When in the course of human evolution did hominids become like ourselves? Archaeologist Nicholas Conard asked this question before a plenary session of the conference on the Cradle of Language in Stellenbosch, South Africa. The question is important to this blog because an answer would provide a bottom range for its focus. Once behaviorally modern humans appear, this blog’s concern is finished. As an absolute most-recent date, Conard suggests it was certainly established by 40 thousand years ago and possibly 80 thousand. These dates are long after the biological evolution of Homo sapiens, but Conard states that “The main characteristic Homo is that our cultural development can and does vary independent of our biological morpholotgy.” (Abstract here)
Conard proposed “behaviorally modern” to be a people who communicate “within a symbolically organized world” and that evolution toward behavioral modernity accelerated in the middle of the Late Pleistocene (around 100,000 years ago). The oldest material Conard cited were eight amazingly ancient wooden spears associated with the bones of over 20 horses recovered near Schöningen in Saxony. These well crafted wooden objects appear to have been made between 300 and 400 thousand years ago, well before the emergence of Homo sapiens. Although these weapons and fossils do not prove that hunting large game was universal among Homo of that ancient date, they do show that well-planned and successfully executed large game hunts were already occurring during the period of late Homo erectus.
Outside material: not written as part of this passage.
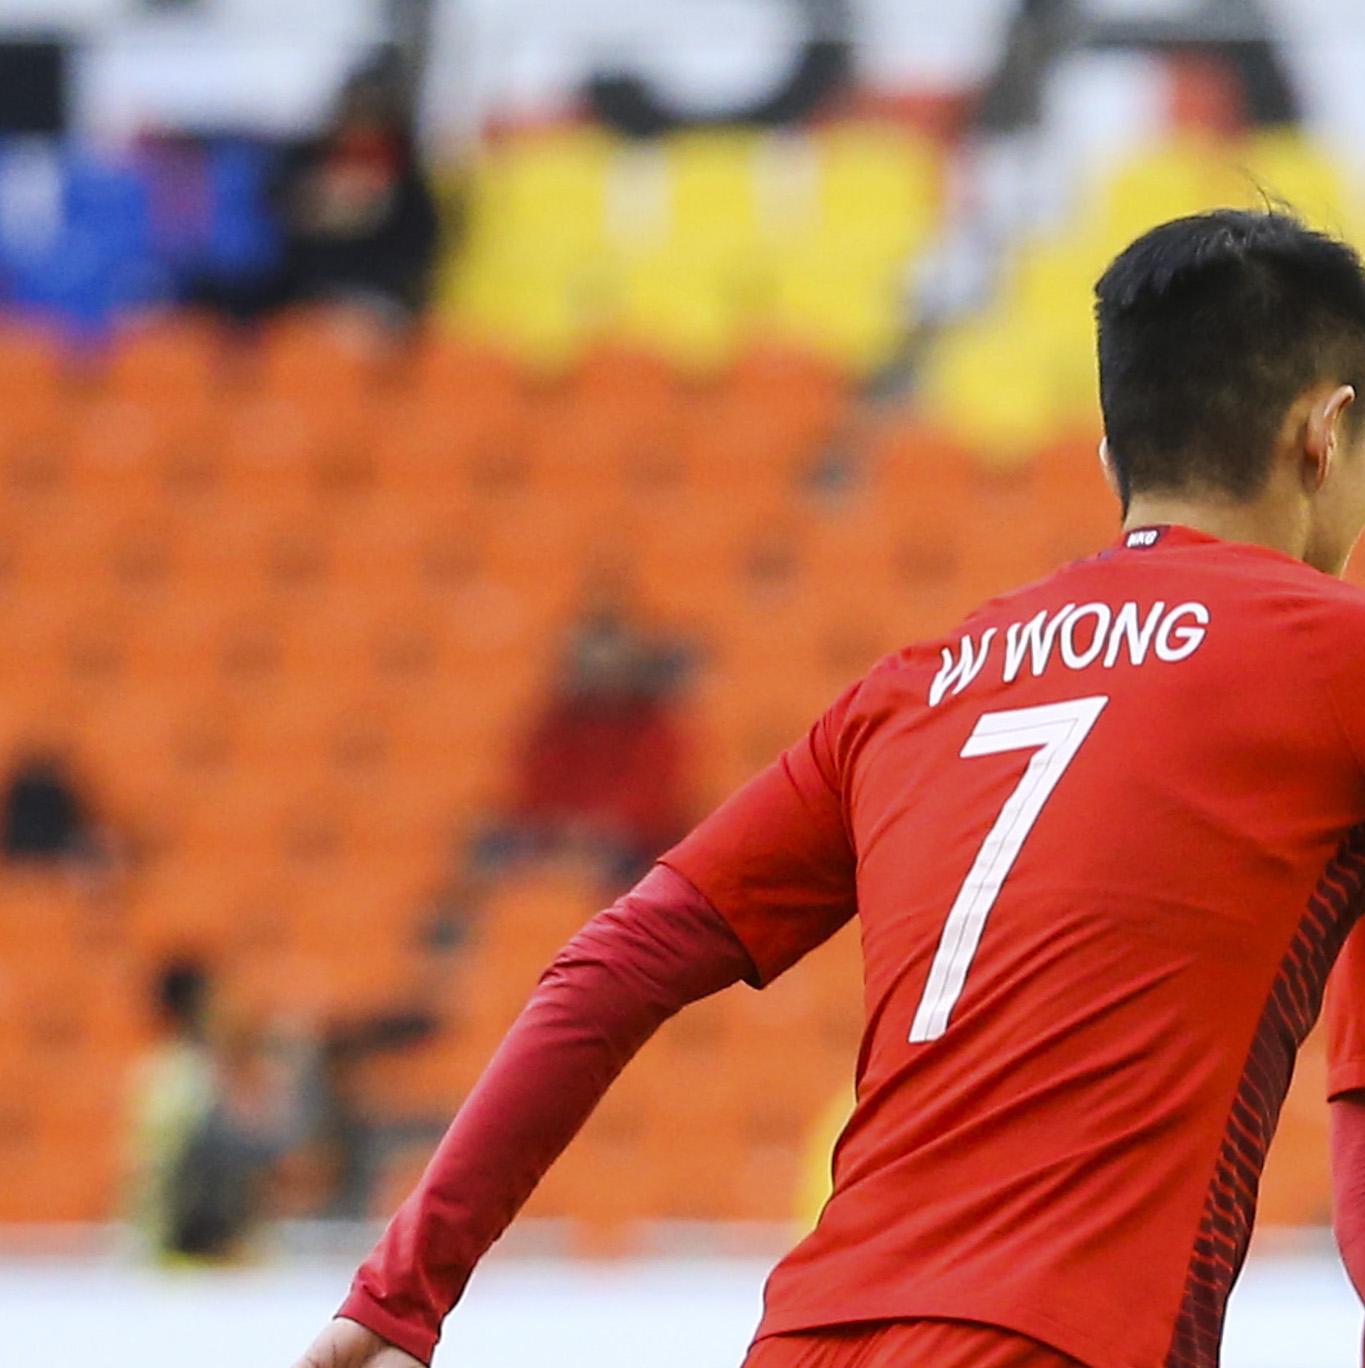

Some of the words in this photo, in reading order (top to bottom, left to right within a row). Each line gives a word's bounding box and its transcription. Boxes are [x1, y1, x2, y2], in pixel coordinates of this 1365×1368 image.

[927, 627, 997, 707] W
[1002, 600, 1211, 684] WONG
[906, 694, 1110, 1044] 7
The Middle Stone Age (as much as 200,000 years ago) in Africa saw mining and use of pigments and “reflect a widespread ability to structure the world into a symbolically organized whole.” Decorated ostrich eggs are as old as 100,000 years.
Burials of the dead from the Upper or Late Paleolithic (100 thousand years ago). Although these could be disposals of undesirable cadavers among a settled population, many bodies have been buried with material goods suggesting respect and possibly needs in an afterlife. Neanderthals also manufactured and used ornaments. The oldest musical instruments were flutes, from perhaps 40 thousand years ago. Carved figurines date only to 30 thousand years ago.
None of this guarantees that these peoples spoke; however, Conard reports there is universal agreement among archaeologists that the presence of a symbolic, material evidence demonstrates the presence of speech.